"We are basically trying to help the next generation of founders and entrepreneurs build awesome businesses" - byrneseyeview
http://sfgate.com/cgi-bin/article.cgi?file=/c/a/2006/12/13/MNGECMUMRE1.DTL
======
bootload
_"... One entrepreneur won over by the Founders Fund's philosophy is Barney
Pell, the 38-year-old founder of Powerset, a natural-language search-engine
startup that harbors ambitions of challenging Google ..."_

I wonder how well _'Clarium Capital Management'_ are advising their funded
companies. Powerset is really setting themselves up for a fall if their search
results are a magnitude worse than google.
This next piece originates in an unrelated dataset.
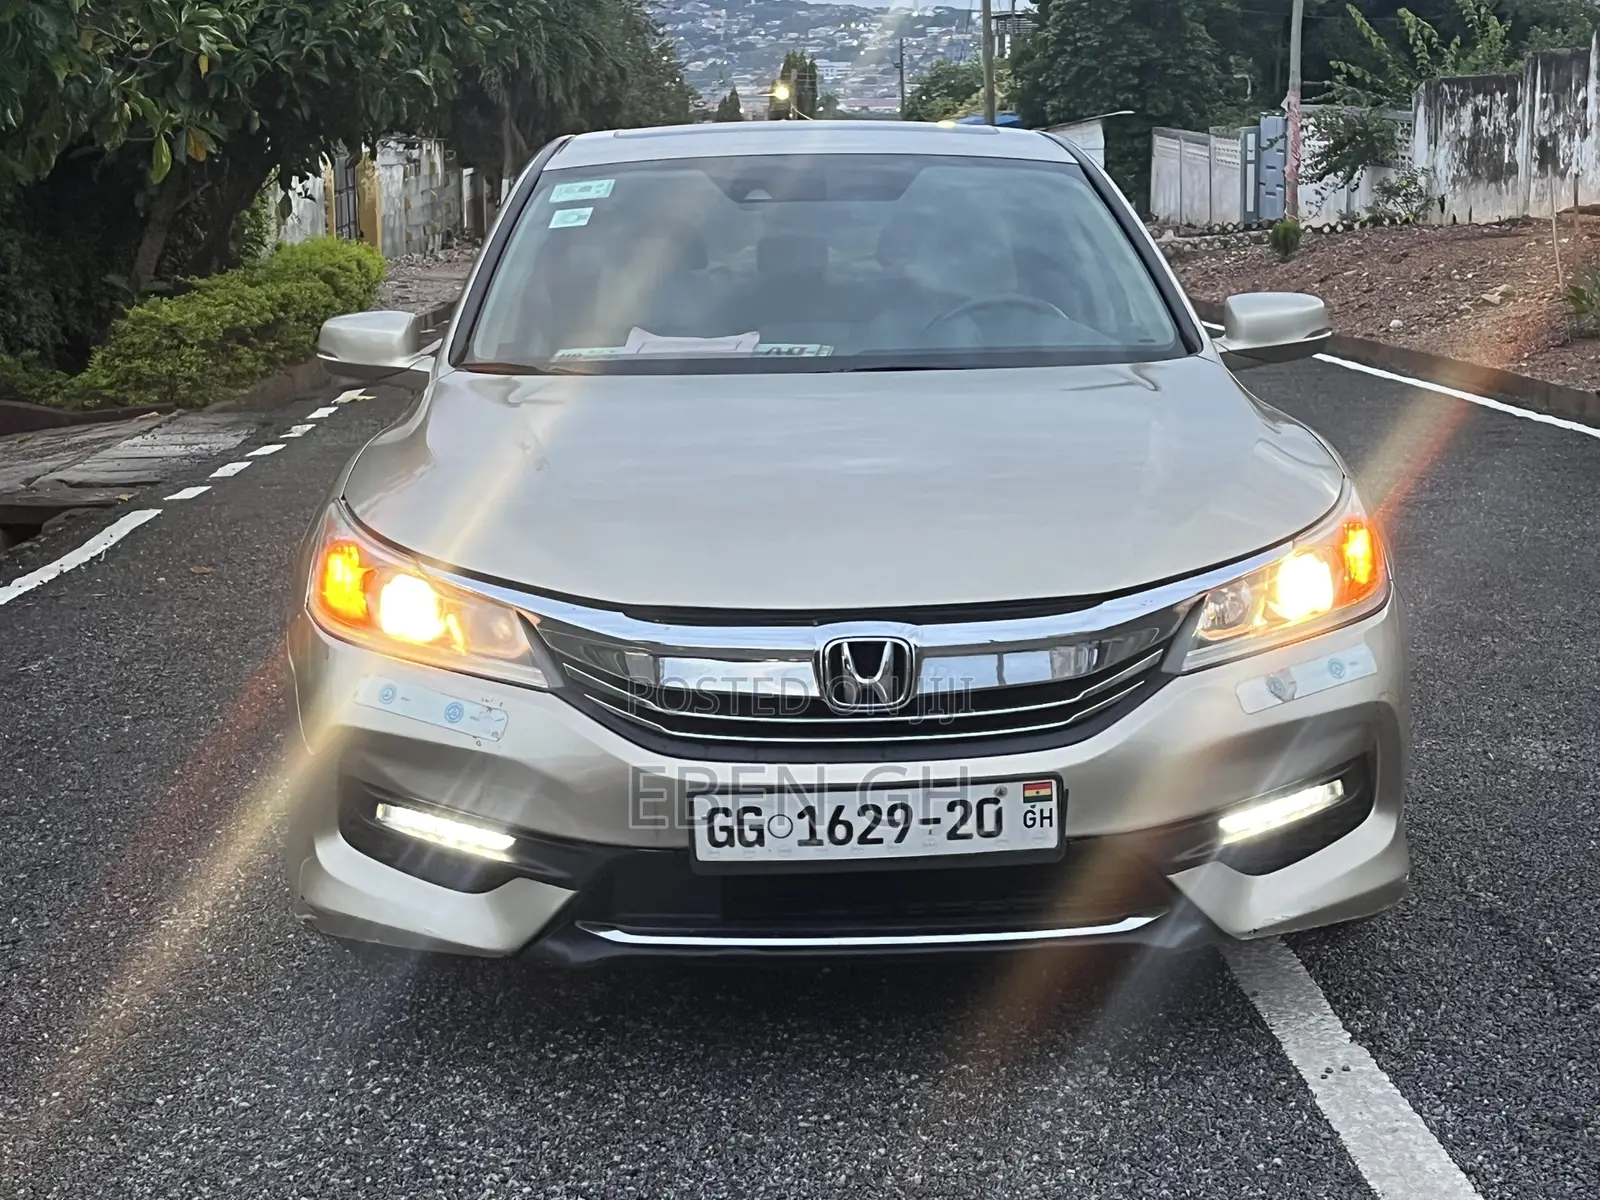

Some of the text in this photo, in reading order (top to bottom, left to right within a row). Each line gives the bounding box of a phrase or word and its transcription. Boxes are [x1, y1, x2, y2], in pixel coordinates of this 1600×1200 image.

[706, 796, 1004, 849] GG 1629-20
[1022, 806, 1054, 830] GH
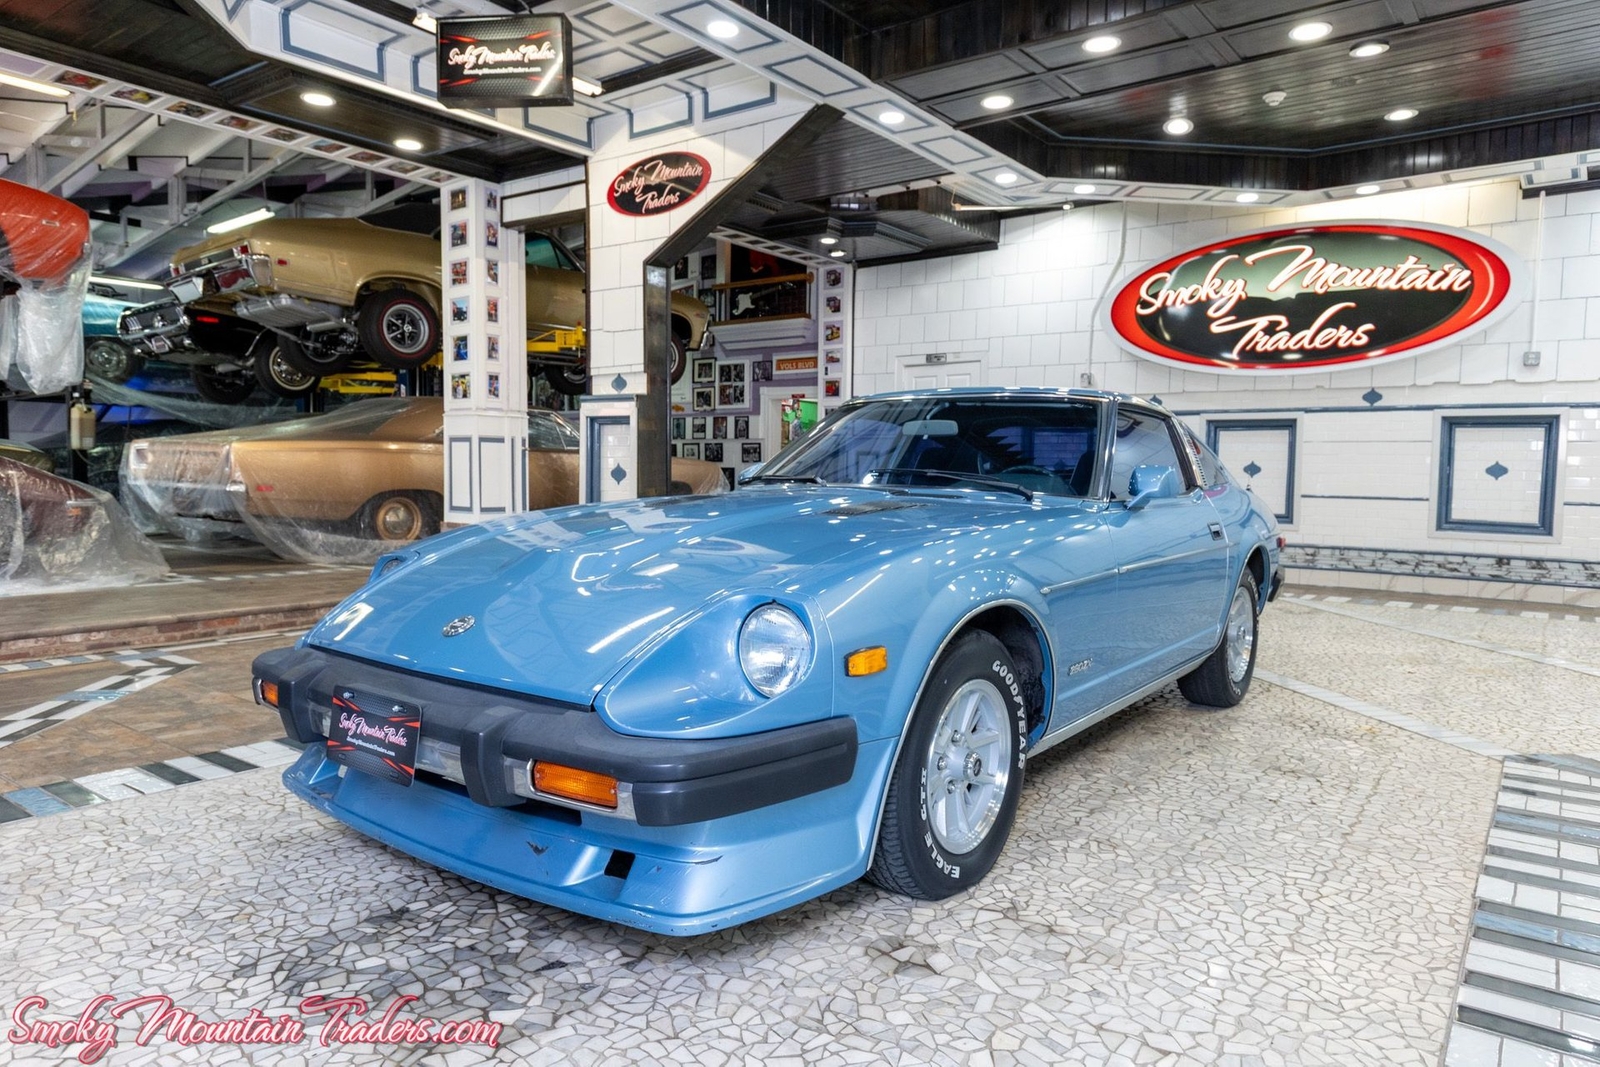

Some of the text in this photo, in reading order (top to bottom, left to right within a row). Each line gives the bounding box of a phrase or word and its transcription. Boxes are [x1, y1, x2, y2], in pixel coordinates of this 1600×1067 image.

They have made some mistakes that I
can think of so far:

\- they are _'talking'_ about their instead of _'showing'_ their product

\- talking about technology (nlp) instead of about how it makes search easier,
better for users

\- licensing their _'core'_ technology from PARC, Xerox & not investing in
their own ~ <http://www.powerset.com/press/parc>

_"... Parker came up with a novel arrangement that he hopes will benefit other
founders as they build their companies: a new type of stock that allows
'founders to cash out a small percentage of their stake in a funding round so
they don't have to wait until the company is sold or goes public' . ..."_

But they are getting some things right (percentage of cash up front)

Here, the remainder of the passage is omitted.